▶ DATASET CONTENT

· · ·

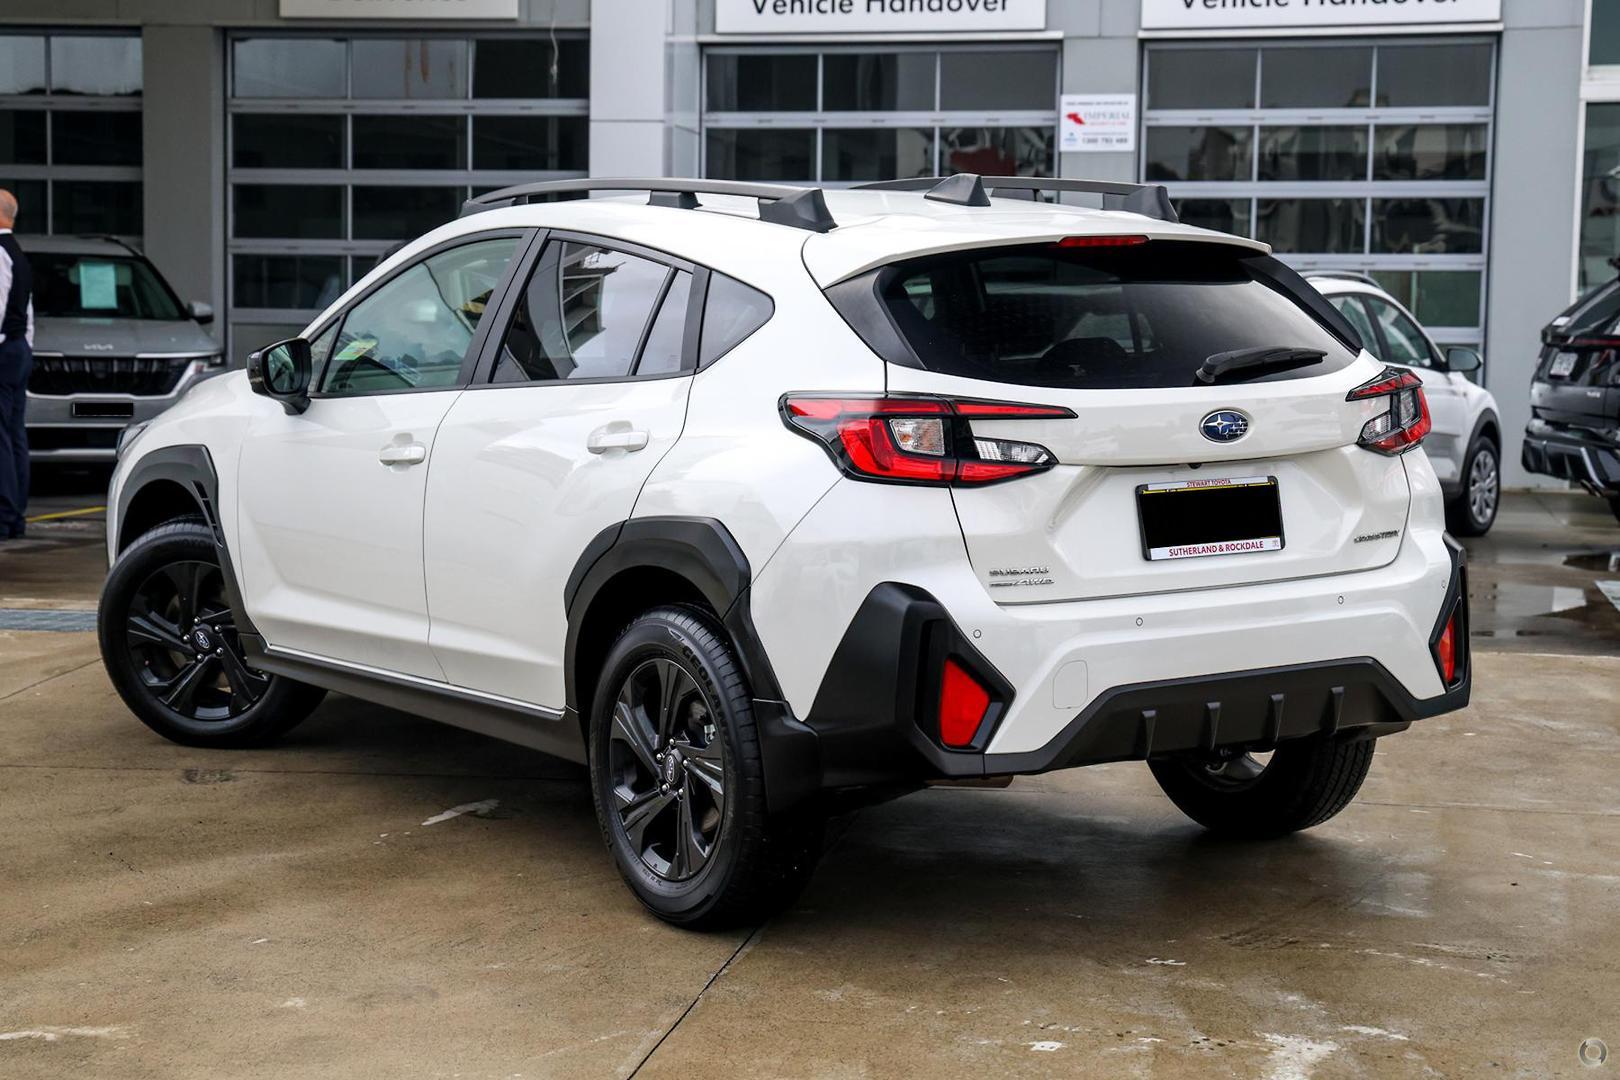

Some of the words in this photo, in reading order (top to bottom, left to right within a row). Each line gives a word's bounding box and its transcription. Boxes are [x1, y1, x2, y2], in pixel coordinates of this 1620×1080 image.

[753, 0, 853, 15] Vehicle
[1186, 480, 1211, 488] STEWART
[1168, 544, 1218, 557] SUTHERLAND
[1218, 544, 1224, 552] &
[1225, 540, 1264, 552] ROCKDALE
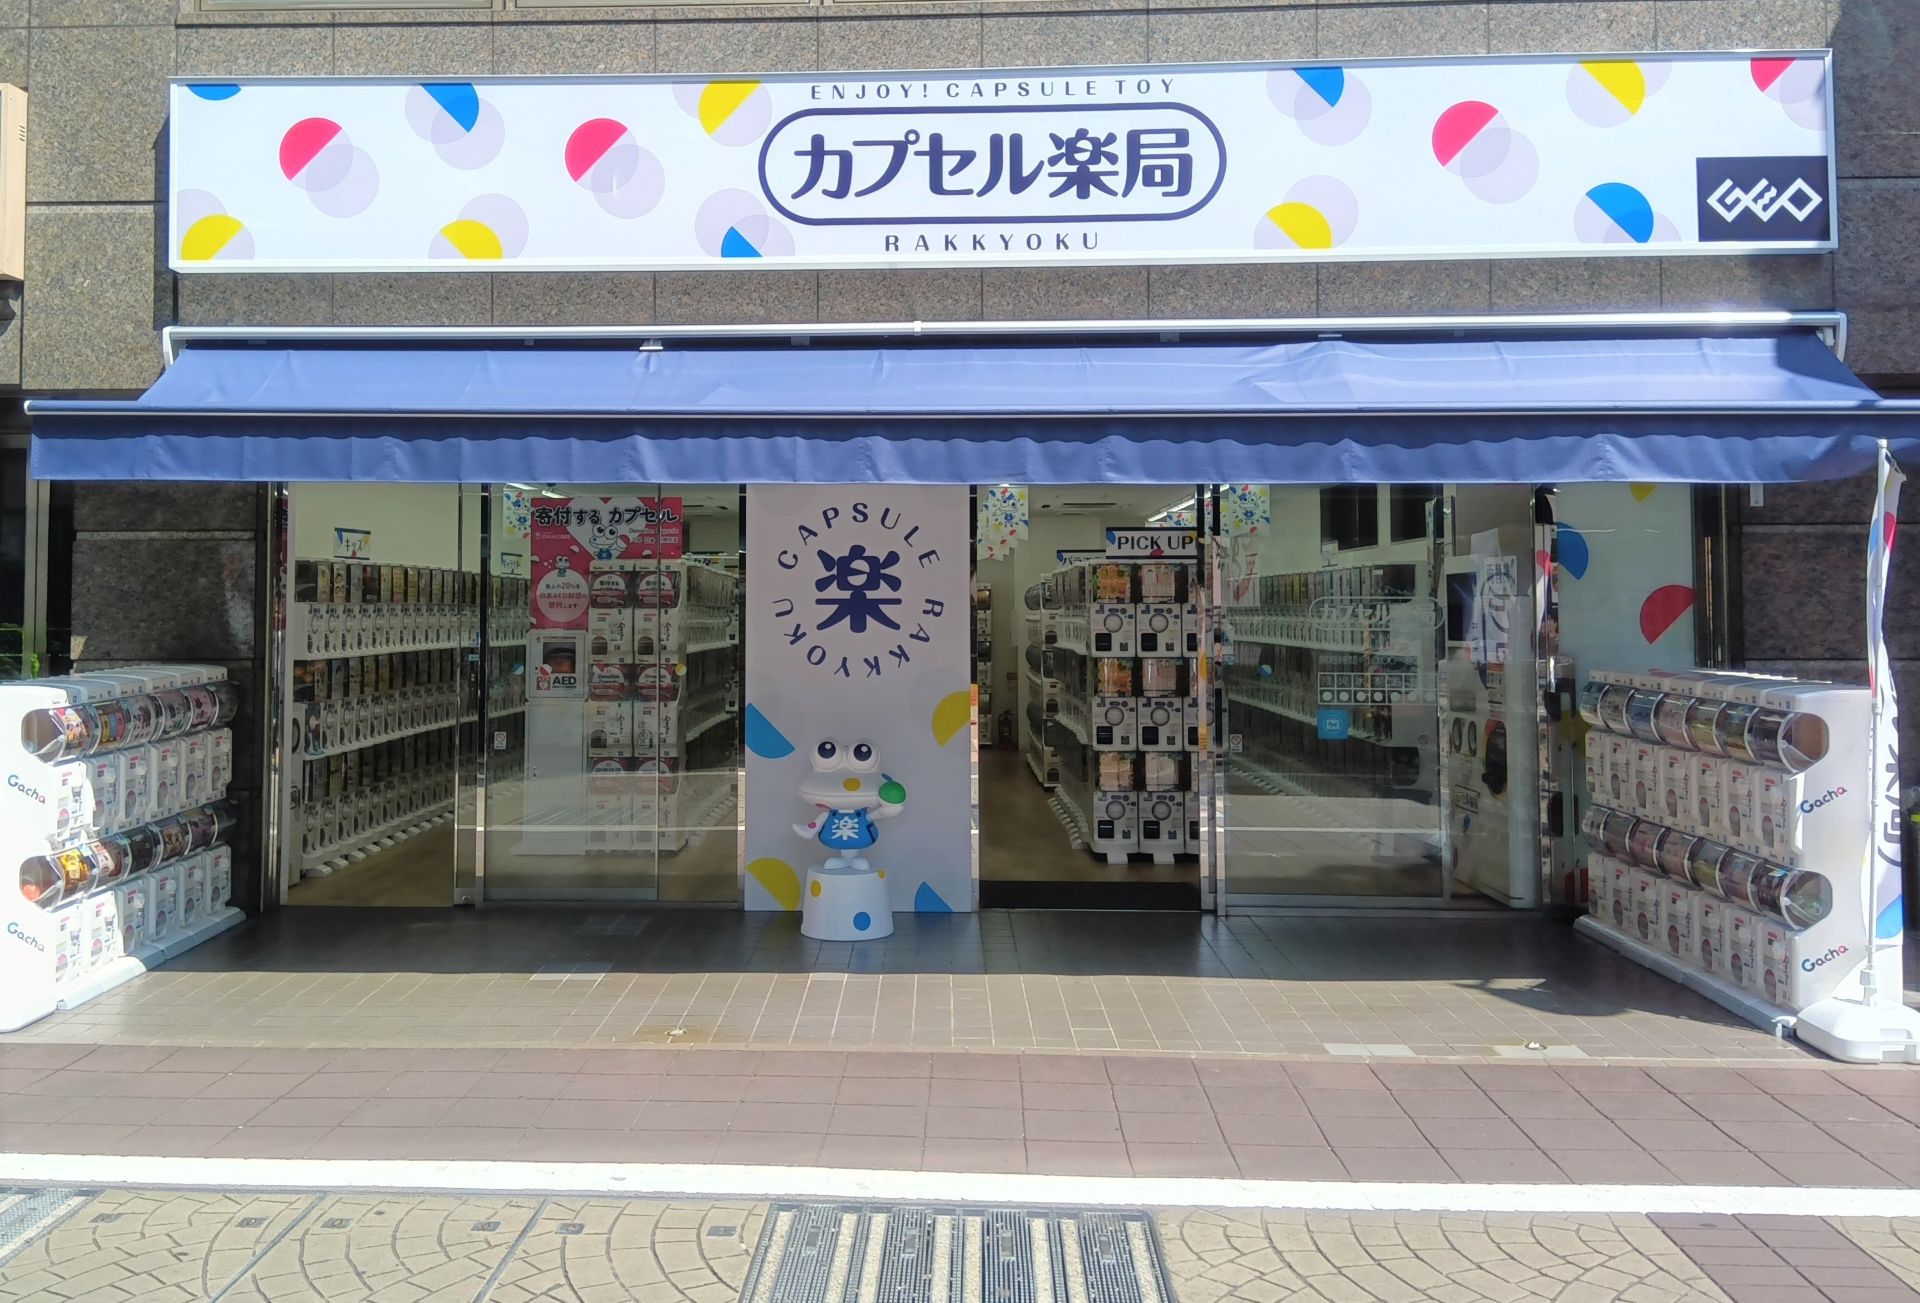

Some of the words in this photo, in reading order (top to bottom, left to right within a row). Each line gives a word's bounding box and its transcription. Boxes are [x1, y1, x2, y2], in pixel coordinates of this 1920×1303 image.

[811, 83, 928, 100] ENJOY!
[946, 80, 1098, 98] CAPSULE
[1115, 78, 1175, 95] TOY
[790, 127, 1194, 201] カプセル楽局
[1706, 177, 1823, 223] GEO
[884, 231, 1100, 252] RAKKYOKU
[535, 506, 600, 526] 寄付する
[608, 506, 679, 526] カプセル
[777, 502, 941, 570] CAPSULE
[1117, 535, 1161, 551] PICK
[1167, 535, 1194, 550] UP
[814, 544, 902, 634] 楽
[772, 598, 945, 679] RAKKYOKU
[552, 675, 577, 686] AED
[7, 774, 46, 805] Gacha
[1800, 784, 1848, 814] Gacha
[831, 816, 860, 841] 楽
[7, 922, 45, 953] Gacha
[1801, 944, 1849, 973] Gacha
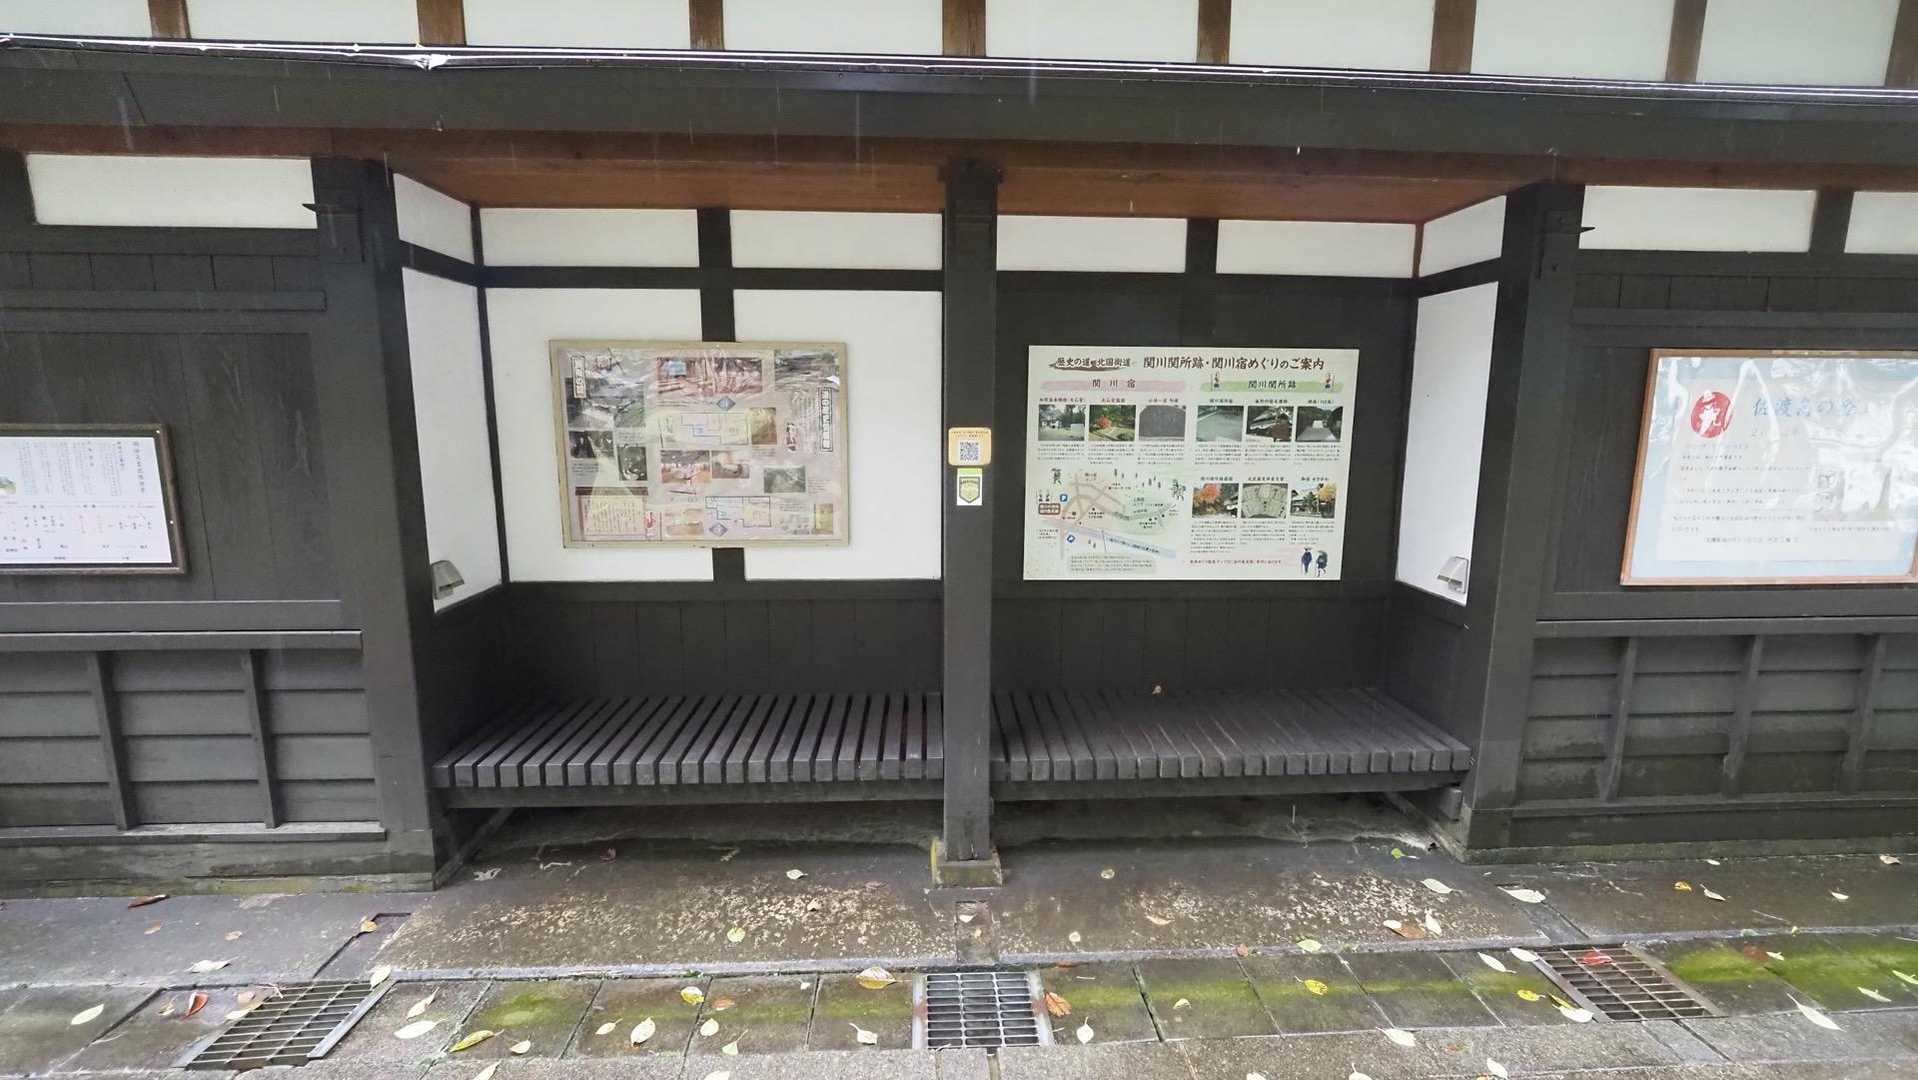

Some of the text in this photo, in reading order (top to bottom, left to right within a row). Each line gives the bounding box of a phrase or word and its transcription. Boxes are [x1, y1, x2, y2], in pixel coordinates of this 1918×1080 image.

[1143, 356, 1325, 370] 関川関所跡・関川宿めぐりのご案内
[1248, 380, 1297, 390] 関川関所跡
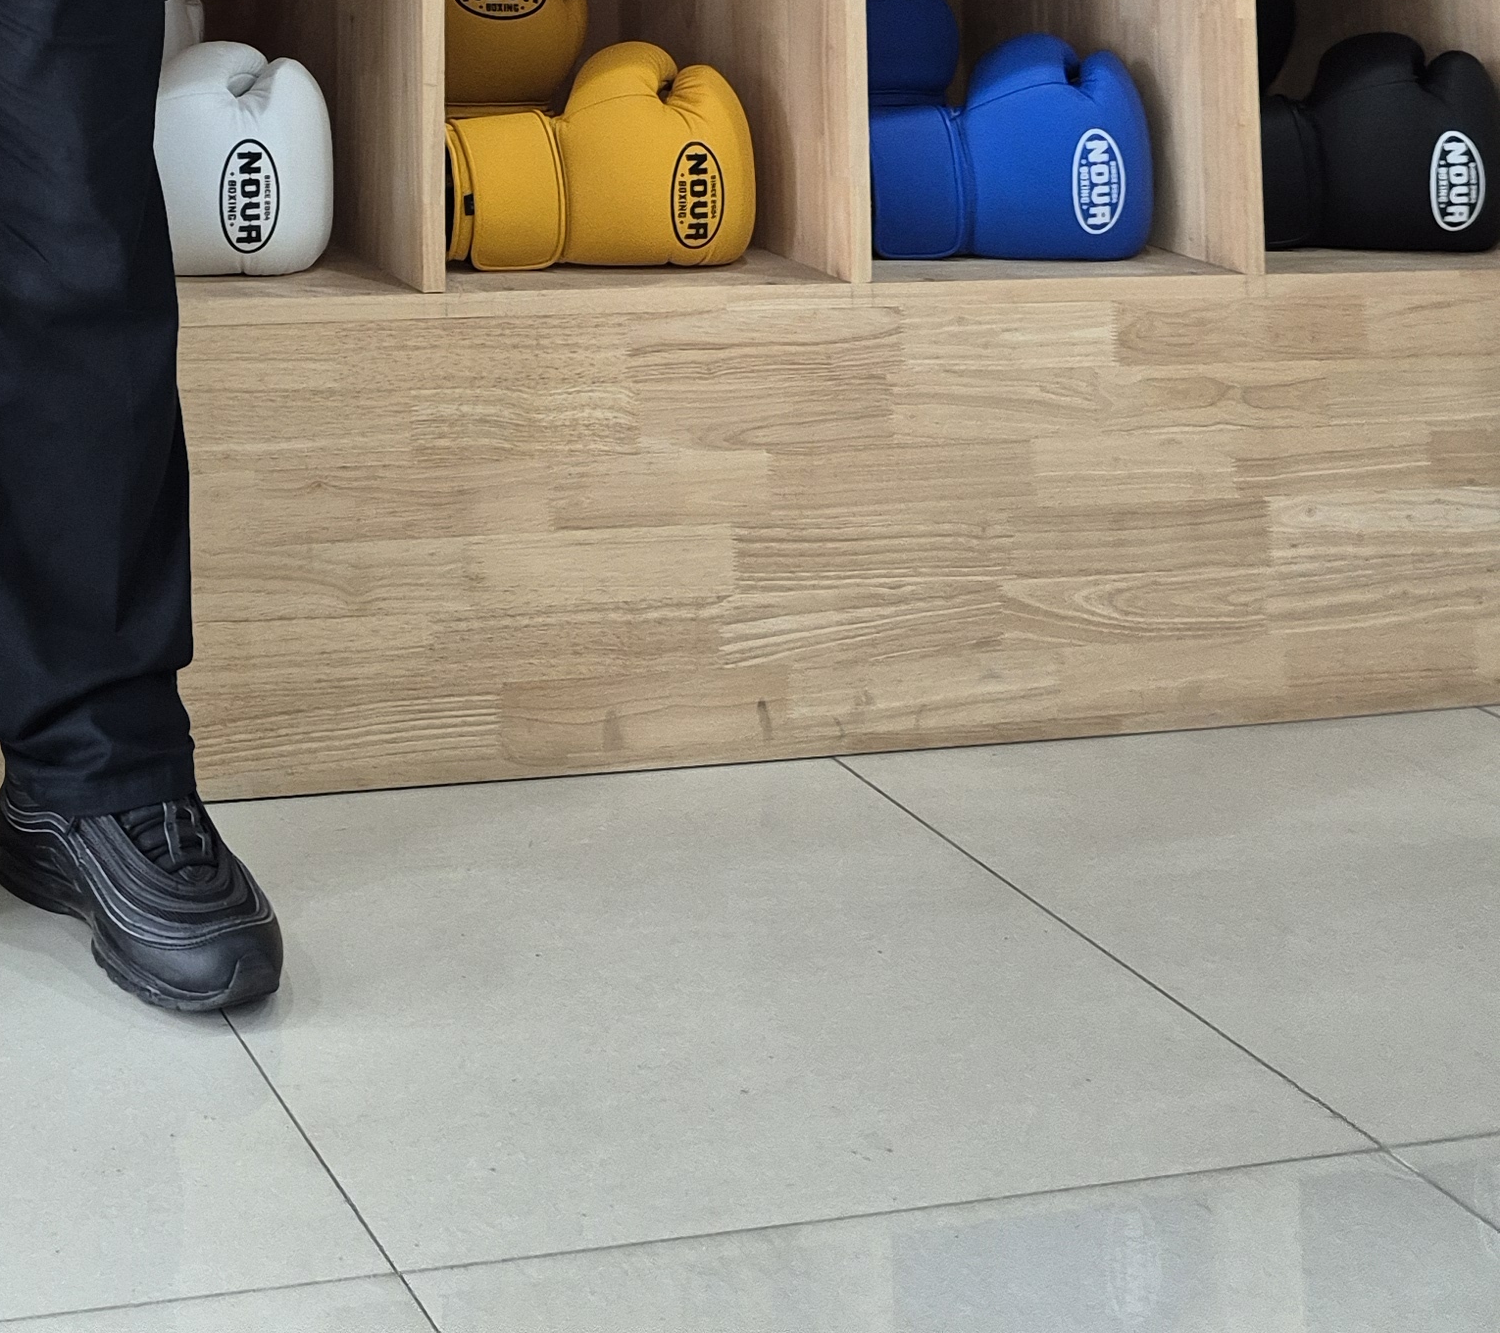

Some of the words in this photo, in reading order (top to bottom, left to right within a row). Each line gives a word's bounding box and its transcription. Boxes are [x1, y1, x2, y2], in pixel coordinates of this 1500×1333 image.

· · ·

▶ EXERCISE DETAILS
If a record holds a picture, leave the picture out and copy the rest exactly.

▶ SOLUTION TO THE PROBLEM
Some of the words in this photo, in reading order (top to bottom, left to right within a row). Each line gives a word's bounding box and its transcription. Boxes are [x1, y1, x2, y2], in pixel coordinates of this 1620×1080 image.

[753, 0, 853, 15] Vehicle
[1186, 480, 1211, 488] STEWART
[1168, 544, 1218, 557] SUTHERLAND
[1218, 544, 1224, 552] &
[1225, 540, 1264, 552] ROCKDALE

Some of the words in this photo, in reading order (top to bottom, left to right within a row). Each line gives a word's bounding box and its transcription. Boxes are [x1, y1, x2, y2], in pixel coordinates of this 1920×1303 image.

[811, 83, 928, 100] ENJOY!
[946, 80, 1098, 98] CAPSULE
[1115, 78, 1175, 95] TOY
[790, 127, 1194, 201] カプセル楽局
[1706, 177, 1823, 223] GEO
[884, 231, 1100, 252] RAKKYOKU
[535, 506, 600, 526] 寄付する
[608, 506, 679, 526] カプセル
[777, 502, 941, 570] CAPSULE
[1117, 535, 1161, 551] PICK
[1167, 535, 1194, 550] UP
[814, 544, 902, 634] 楽
[772, 598, 945, 679] RAKKYOKU
[552, 675, 577, 686] AED
[7, 774, 46, 805] Gacha
[1800, 784, 1848, 814] Gacha
[831, 816, 860, 841] 楽
[7, 922, 45, 953] Gacha
[1801, 944, 1849, 973] Gacha

Some of the text in this photo, in reading order (top to bottom, left to right within a row). Each line gives the bounding box of a phrase or word and its transcription. Boxes are [x1, y1, x2, y2], in pixel coordinates of this 1918×1080 image.

[1143, 356, 1325, 370] 関川関所跡・関川宿めぐりのご案内
[1248, 380, 1297, 390] 関川関所跡

Some of the words in this photo, in reading order (top to bottom, left to right within a row). Each line gives a word's bounding box and its transcription. Boxes are [x1, y1, x2, y2], in pixel coordinates of this 1500×1333 image.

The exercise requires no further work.